Do you know what the most popular and crucial food staple in the world? If you guessed rice from our name, you would be correct. More than 3.5 billion people depend on rice as their primary food source. However, rice can get diseases that are extremely hard to diagnose just by looking. Popular diseases among rice include Brownspot and Hispa. When people eat diseased rice, they can often times get extremely sick. This is a huge problem in underdeveloped countries where rice is the main food source and there is not much access to hospitals. Luckily, HealthRice is here to help.

What it does

Healthrice is a web app that uses the power of machine learning in order to diagnose images of rice leaves that may or may not be contaminated with either Hispa or BrownSpot.The UI is extremely intuitive for people to be able to easily get their results. Afterwards, if desired, the user can input their phone number to be reminded of the rice’s condition via an SMS. The machine learning model is able to have a training accuracy of 90% while it is still able to diagnose the image quickly.

How we built it

Healthrice was made using Tensorflow, Twilio, and Streamlit. Tensorflow was used the create the powerful Convolutional Neural Network that is behind HealthRice. Next, the Twilio API was used to send a SMS to the user’s phone. Finally, Streamlit was used to create the frontend of HealthRice. Streamlit allowed are UI to be simple but beautiful.

Challenges we ran into

Some mentors during this Hackathon can all agree with me that I was having trouble with my machine learning model file size and Github. Github has a file size limit that my saved machine learning model exceeded. So I tried using Tensorflow Lite only to find out that it was still too large. I soon solved this problem by removing a couple of training images. This somehow boosted the training accuracy up to 90 percent and kept the file size low even without Tensorflow Lite. Because I had two different areas of this project, the machine learning model and the frontend, I tried to keep things in two different directories. This led to untracked errors in Git and Github which forced me to create a new repo. (This is why commit history looks weird). However, with the help of a few mentors, the problem was solved!
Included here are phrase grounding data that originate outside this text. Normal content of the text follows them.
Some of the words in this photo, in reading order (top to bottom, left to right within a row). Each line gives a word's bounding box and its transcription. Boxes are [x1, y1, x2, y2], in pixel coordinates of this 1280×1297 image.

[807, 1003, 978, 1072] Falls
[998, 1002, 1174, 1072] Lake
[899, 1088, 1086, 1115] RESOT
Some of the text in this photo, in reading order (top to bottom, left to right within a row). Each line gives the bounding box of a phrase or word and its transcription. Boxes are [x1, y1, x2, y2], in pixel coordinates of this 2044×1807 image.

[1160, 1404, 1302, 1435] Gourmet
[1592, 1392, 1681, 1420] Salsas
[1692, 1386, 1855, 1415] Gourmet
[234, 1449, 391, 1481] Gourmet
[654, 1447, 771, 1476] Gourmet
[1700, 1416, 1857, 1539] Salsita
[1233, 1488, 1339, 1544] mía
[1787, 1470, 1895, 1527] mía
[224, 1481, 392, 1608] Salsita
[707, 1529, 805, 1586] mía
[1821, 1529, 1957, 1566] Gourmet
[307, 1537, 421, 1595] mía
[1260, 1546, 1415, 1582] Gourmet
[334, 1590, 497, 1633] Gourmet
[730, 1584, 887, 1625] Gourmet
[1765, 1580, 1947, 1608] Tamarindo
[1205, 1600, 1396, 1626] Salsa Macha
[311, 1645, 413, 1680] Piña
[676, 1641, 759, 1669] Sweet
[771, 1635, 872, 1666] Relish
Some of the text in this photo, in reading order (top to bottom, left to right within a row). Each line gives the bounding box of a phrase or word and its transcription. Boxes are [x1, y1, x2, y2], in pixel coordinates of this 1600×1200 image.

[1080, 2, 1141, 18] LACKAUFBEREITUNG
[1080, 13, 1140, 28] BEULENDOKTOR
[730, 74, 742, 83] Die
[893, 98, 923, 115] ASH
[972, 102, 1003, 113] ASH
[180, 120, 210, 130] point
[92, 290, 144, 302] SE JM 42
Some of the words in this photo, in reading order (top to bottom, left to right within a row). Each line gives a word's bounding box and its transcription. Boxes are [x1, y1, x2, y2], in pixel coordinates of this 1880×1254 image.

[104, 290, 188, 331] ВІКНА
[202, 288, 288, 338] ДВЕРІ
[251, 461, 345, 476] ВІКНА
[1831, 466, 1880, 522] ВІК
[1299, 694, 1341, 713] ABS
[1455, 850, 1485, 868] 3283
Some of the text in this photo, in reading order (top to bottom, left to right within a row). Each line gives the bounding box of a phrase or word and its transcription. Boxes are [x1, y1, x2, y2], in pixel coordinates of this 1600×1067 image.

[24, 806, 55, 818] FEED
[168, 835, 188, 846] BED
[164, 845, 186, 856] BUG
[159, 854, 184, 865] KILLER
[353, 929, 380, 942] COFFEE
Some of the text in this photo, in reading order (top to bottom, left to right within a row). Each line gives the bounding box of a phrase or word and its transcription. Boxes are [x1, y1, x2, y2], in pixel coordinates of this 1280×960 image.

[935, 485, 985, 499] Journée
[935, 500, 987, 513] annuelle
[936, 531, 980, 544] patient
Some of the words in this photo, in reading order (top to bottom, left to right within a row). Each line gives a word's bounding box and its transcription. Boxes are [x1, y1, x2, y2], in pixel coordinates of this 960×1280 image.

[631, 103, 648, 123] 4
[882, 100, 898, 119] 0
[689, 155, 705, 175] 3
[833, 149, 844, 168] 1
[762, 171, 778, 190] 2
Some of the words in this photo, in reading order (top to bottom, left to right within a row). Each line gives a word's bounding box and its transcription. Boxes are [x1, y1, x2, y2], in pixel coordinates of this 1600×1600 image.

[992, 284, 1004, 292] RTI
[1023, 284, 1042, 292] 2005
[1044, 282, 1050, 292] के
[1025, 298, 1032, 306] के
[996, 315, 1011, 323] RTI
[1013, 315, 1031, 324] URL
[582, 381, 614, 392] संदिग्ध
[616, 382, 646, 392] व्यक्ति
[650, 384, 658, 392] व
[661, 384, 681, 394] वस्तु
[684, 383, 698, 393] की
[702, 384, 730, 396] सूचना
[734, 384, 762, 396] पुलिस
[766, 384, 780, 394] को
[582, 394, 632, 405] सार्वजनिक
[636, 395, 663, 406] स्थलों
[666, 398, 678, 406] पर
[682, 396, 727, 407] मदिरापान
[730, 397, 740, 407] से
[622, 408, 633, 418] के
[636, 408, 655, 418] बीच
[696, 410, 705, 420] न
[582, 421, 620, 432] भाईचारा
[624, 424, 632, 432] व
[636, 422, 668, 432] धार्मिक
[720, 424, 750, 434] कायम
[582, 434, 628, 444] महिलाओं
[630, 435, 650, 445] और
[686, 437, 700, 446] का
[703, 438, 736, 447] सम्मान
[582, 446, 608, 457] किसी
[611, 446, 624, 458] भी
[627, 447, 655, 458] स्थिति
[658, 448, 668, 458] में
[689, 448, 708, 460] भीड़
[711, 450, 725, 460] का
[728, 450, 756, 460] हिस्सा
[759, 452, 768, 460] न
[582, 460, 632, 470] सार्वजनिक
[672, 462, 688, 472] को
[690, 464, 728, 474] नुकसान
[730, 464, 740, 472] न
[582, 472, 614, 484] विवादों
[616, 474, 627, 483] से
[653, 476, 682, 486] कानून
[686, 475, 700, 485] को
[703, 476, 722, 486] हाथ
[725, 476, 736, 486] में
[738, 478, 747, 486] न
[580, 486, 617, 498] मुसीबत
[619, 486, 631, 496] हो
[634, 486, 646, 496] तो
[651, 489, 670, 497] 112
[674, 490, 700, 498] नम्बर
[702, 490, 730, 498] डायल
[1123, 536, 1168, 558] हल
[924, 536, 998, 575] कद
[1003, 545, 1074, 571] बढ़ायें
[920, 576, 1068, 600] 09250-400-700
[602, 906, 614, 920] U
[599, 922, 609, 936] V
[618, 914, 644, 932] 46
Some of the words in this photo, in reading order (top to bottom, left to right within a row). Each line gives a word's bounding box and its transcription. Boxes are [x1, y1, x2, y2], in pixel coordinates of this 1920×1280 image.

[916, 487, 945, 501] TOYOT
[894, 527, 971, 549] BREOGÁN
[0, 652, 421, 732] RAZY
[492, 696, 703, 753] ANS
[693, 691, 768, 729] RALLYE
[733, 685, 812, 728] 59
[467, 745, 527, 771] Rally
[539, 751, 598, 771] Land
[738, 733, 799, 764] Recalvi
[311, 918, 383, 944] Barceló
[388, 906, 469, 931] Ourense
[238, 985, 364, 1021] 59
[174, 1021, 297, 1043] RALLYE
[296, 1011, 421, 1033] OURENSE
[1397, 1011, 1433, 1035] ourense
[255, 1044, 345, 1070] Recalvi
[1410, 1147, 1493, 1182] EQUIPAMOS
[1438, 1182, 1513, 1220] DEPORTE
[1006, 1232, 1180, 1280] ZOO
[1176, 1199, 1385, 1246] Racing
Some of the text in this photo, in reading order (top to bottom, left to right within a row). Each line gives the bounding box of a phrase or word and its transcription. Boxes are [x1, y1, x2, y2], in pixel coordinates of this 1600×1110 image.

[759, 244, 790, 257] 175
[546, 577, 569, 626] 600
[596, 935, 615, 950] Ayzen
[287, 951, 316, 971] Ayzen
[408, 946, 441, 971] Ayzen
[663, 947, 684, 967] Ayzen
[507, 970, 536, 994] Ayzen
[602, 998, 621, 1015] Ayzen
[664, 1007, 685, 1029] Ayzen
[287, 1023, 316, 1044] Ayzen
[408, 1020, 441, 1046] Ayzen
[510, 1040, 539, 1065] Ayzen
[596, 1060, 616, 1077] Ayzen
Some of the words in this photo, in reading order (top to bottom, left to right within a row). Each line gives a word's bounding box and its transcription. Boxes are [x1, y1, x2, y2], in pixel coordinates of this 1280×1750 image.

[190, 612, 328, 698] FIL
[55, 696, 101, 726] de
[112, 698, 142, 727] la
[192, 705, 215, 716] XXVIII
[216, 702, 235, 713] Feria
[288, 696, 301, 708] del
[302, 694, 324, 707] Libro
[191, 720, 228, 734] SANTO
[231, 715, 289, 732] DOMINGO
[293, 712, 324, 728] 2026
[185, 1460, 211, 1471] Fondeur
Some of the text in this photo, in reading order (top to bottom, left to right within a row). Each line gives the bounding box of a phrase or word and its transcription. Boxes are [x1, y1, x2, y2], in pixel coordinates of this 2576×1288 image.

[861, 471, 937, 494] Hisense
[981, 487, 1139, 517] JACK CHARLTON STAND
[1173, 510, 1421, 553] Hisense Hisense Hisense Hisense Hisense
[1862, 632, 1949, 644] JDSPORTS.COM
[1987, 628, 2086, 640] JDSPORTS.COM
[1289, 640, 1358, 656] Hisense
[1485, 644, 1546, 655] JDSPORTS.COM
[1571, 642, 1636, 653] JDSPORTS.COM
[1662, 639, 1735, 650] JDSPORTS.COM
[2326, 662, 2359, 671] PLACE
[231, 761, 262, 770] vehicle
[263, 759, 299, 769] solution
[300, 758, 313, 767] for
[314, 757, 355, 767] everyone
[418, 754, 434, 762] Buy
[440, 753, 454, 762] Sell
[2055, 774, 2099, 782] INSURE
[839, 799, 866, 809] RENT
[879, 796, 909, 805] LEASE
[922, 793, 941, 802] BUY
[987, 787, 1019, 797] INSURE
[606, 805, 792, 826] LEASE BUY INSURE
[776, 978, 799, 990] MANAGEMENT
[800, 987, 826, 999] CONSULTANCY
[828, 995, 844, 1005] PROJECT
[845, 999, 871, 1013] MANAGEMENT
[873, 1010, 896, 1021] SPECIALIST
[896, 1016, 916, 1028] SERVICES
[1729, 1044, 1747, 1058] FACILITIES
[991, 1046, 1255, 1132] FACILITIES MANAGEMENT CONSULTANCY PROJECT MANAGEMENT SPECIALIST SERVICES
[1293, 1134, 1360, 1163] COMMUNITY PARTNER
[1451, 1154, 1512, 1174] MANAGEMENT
Accomplishments that we're proud of

I'm super proud of being able to make a CNN for the first time and actually deploy it to a web application. Our accuracy was quite high during training and I am super proud of that.

What we learned

We learned that it might sometimes be a bad idea to try and stuff everything into a Github repo. For my training data, we had a lot of images so I couldn't upload them to Github due to file count limits. However, with the help of a mentor, I was able to put them on a gitignore file and things went smoothly again.

What's next for HealthRice

In the future, we plan on adding more classes to our machine learning model. For now, our model can diagnose 3 classes: Healthy, Brownspot, and Hispa. We plan on adding more diseases that our model can diagnose.